Briefly the representation is following (hold on to your chair): leftmost bit is the sign bit, then exponent follows (the number of bits depends on the specific format), the rest of bits is mantissa. In mantissa implicit `1.`

is considered (except when exponent is all 0s), i.e. we "imagine" `1.`

in front of the mantissa bits but this 1 is not physically stored. Exponent is in so called biased format, i.e. we have to subtract half (rounded down) of the maximum possible value to get the real value (e.g. if we have 8 bits for exponent and the directly stored value is 120, we have to subtract 255 / 2 = 127 to get the real exponent value, in this case we get -7). However two values of exponent have special meaning; all 0s signify so called denormalized (also subnormal) number in which we consider exponent to be that which is otherwise lowest possible (e.g. -126 in case of 8 bit exponent) but we do NOT consider the implicit 1 in front of mantissa (we instead consider `0.`

), i.e. this allows storing zero (positive and negative) and very small numbers. All 1s in exponent signify either infinity (positive and negative) in case mantissa is all 0s, or a NaN otherwise -- considering here we have the whole mantissa plus sign bit unused, we actually have many different NaNs (WTF), but usually we only distinguish two kinds of NaNs: quiet (qNaN) and signaling (sNaN, throws and exception) that are distinguished by the leftmost bit in mantissa (1 for qNaN, 0 for sNaN).

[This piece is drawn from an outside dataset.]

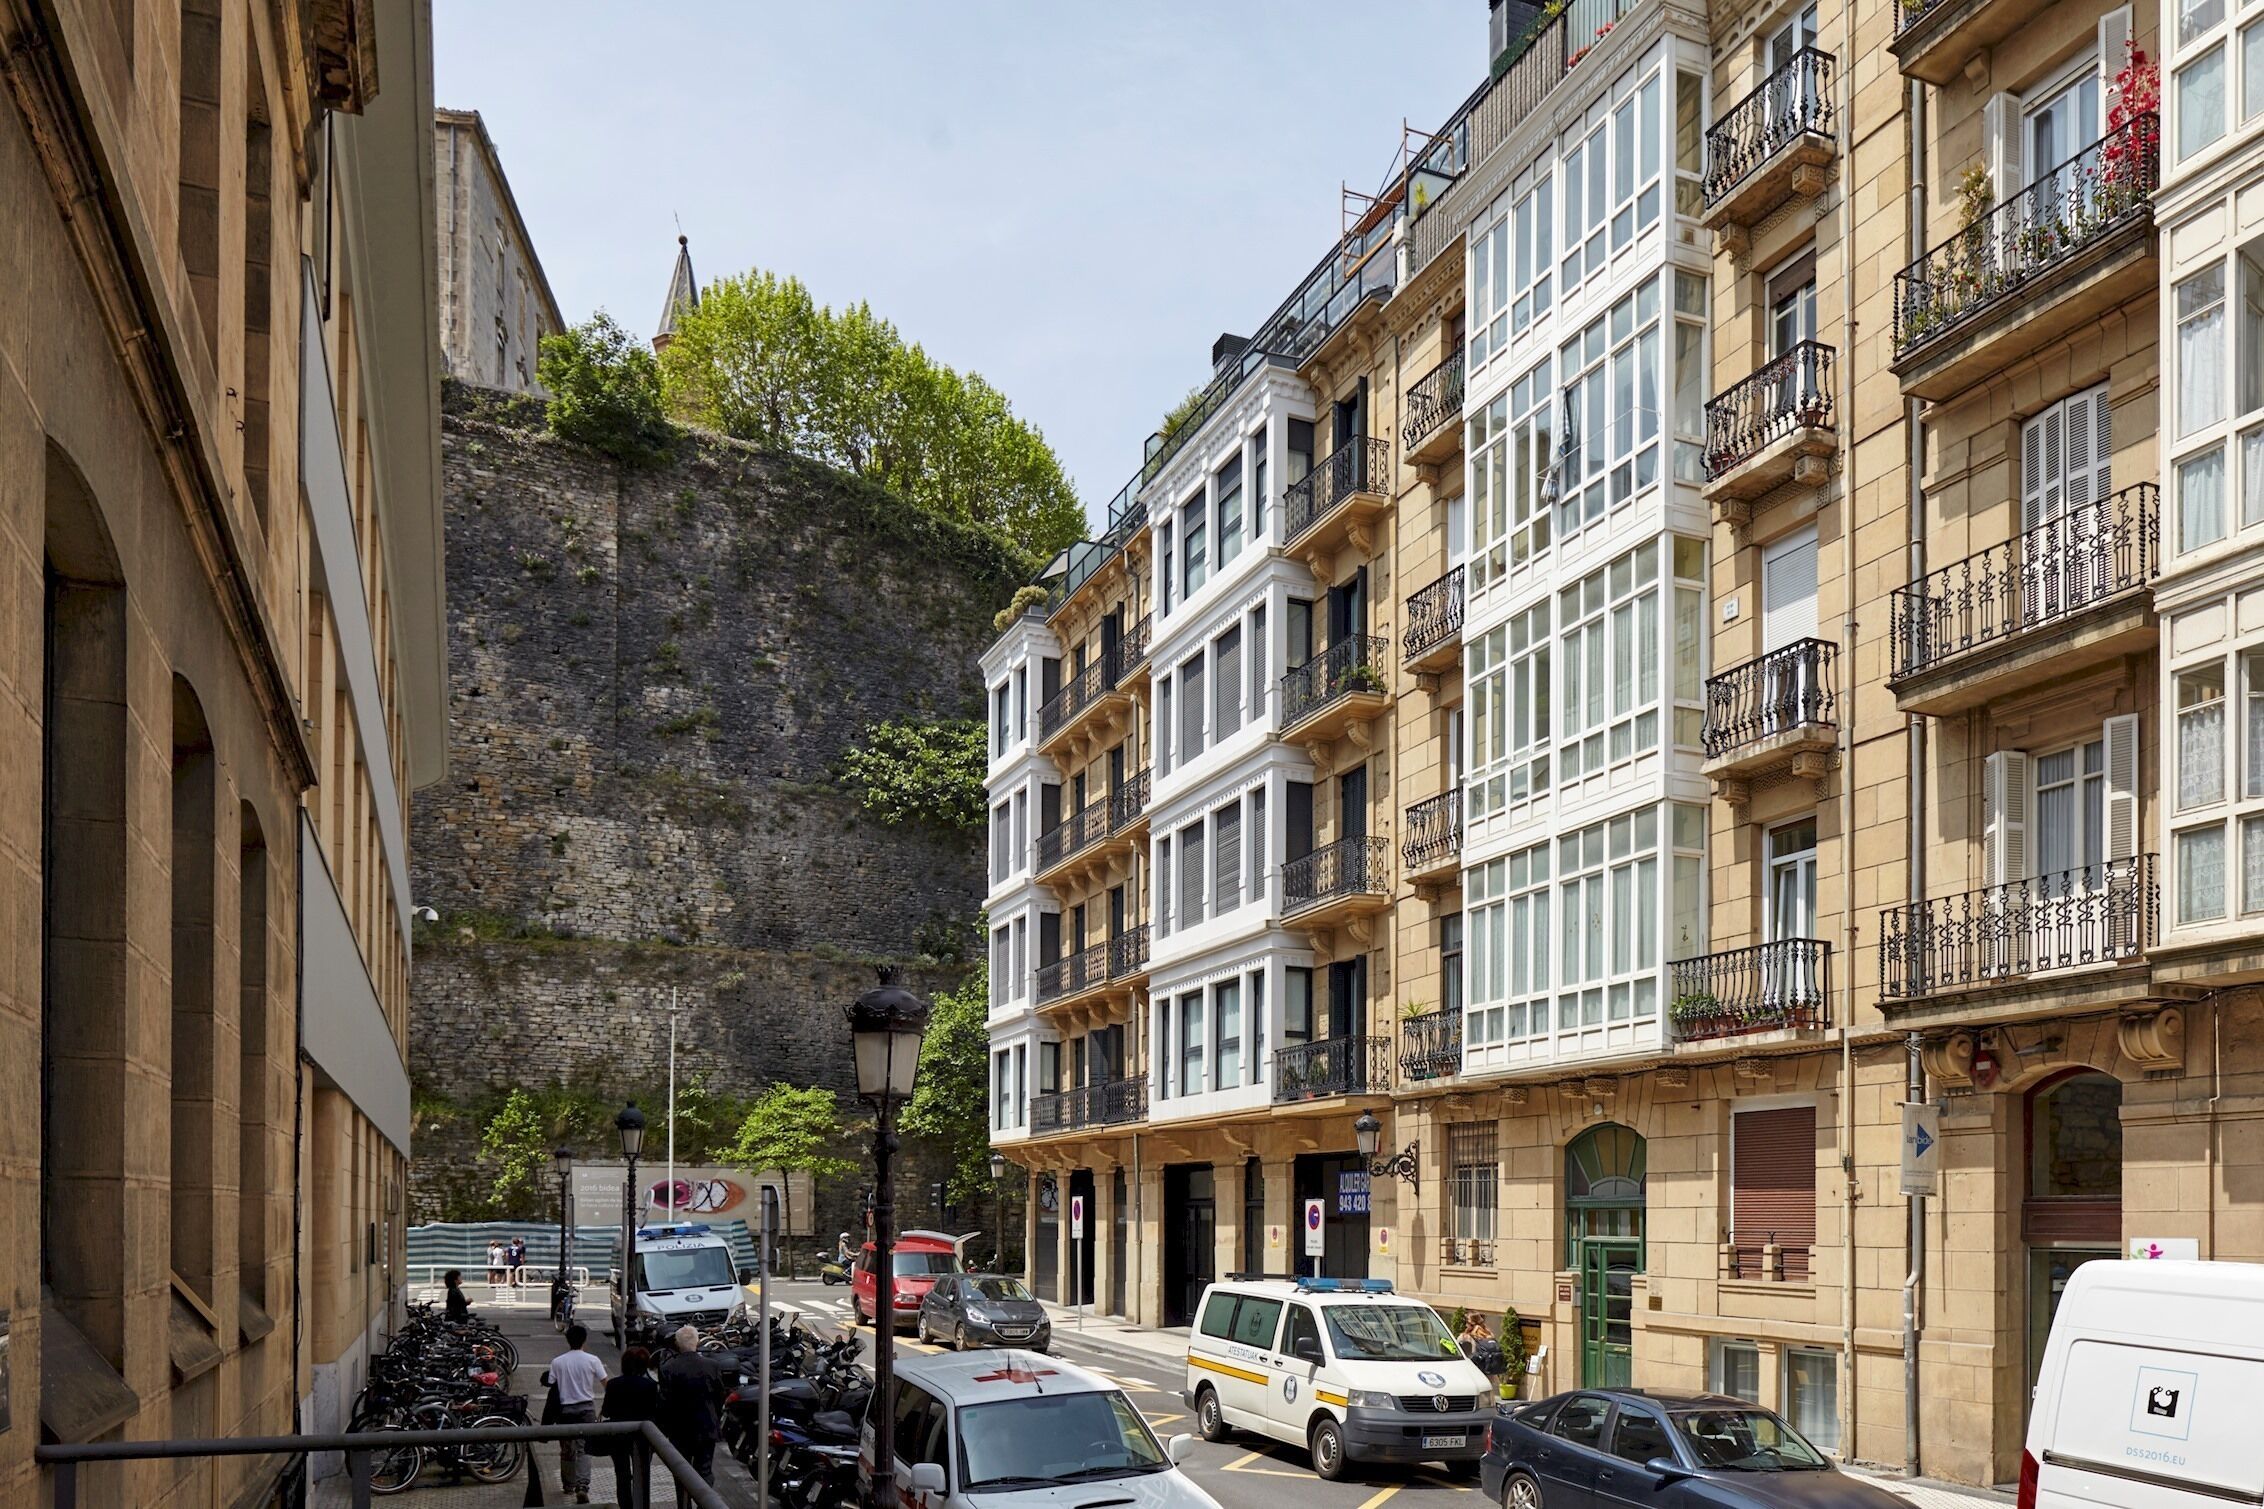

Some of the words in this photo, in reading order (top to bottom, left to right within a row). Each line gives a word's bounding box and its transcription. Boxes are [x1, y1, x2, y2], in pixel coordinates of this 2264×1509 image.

The standard specifies many formats that are either binary or decimal and use various numbers of bits. The most relevant ones are the following:

name | M bits | E bits | smallest and biggest number | precision <= 1 up to |
---|---|---|---|---|

binary16 (half precision) | 10 | 5 | 2^(-24), 65504 | 2048 |

binary32 (single precision, float) | 23 | 8 | 2^(-149), 2^127 * (2 - 2^-23) ~= 3 * 10^38 | 16777216 |

binary64 (double precision, double) | 52 | 11 | 2^(-1074), ~10^308 | 9007199254740992 |

binary128 (quadruple precision) | 112 | 15 | 2^(-16494), ~10^4932 | ~10^34 |

**Example?** Let's say we have float (binary34) value `11000000111100000000000000000000`

: first bit (sign) is 1 so the number is negative. Then we have 8 bits of exponent: `10000001`

(129) which converted from the biased format (subtracting 127) gives exponent value of 2. Then mantissa bits follow: `11100000000000000000000`

. As we're dealing with a normal number (exponent bits are neither all 1s nor all 0s), we have to imagine the implicit `1.`

in front of mantissa, i.e. our actual mantissa is `1.11100000000000000000000`

= 1.875. The final number is therefore -1 * 1.875 * 2^2 = -7.5.